Leucocytes are tethered in the posterior oesophagus

When the stationary plug in the lumen of the posterior esophagus (Figure 4C and S3A), was examined by confocal microscopy it proved to be a string of host leucocytes trapped within extracellular material (Figure 5A). This interpretation was confirmed by TEM when the plug could be seen to comprise polymorphonuclear and mononuclear leucocytes in varied states of disintegration (Figure 5B); indeed, some were barely recognisable as leucocytes. In addition, occasional platelets were visible, identifiable by their size and complement of characteristic granules (Figure 5B, inset), while there was a granular matrix of precipitated proteins surrounding the cells and their debris. On occasion, the plug could be seen suspended in the centre of the lumen (Figure S3B), not in contact with the lining tissues. In contrast, other debris appeared to interact extensively with the edges of the plates (Figure S3B).
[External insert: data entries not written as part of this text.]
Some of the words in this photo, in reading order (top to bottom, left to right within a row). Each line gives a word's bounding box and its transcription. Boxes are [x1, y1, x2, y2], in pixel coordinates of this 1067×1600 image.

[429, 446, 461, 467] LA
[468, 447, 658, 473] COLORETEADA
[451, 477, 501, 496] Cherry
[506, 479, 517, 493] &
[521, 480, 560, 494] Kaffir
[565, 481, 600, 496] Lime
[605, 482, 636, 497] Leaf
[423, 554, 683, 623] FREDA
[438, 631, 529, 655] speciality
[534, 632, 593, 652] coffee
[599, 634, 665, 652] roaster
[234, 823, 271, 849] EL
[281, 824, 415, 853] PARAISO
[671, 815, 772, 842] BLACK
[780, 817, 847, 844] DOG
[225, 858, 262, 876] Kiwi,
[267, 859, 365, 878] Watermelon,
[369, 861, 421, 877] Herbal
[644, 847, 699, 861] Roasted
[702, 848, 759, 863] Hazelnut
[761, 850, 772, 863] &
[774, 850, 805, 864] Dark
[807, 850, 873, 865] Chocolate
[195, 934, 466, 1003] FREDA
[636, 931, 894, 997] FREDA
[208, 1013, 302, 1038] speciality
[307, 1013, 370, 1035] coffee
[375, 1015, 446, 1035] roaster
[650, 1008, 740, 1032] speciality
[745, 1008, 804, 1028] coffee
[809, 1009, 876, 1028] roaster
A small number of damaged leucocytes reached the gut lumen, often in an advanced state of disintegration (Figure S3C and D). Z-stacks of consecutive confocal images through the lumen of the posterior esophagus permitted accurate estimation of the number of tethered leucocytes present, all determined on worms fixed in vivo to avoid in vitro artefacts. In the posterior esophageal lumen of male S. mansoni there was a mean of 28.6 (+S.E. 4.3; n = 15) leucocytes and in females, 10.36 (+S.E. 3.12; n = 11), numbers which greatly exceeded the theoretical predictions based on lumen volume and density of cells in blood (Table S3).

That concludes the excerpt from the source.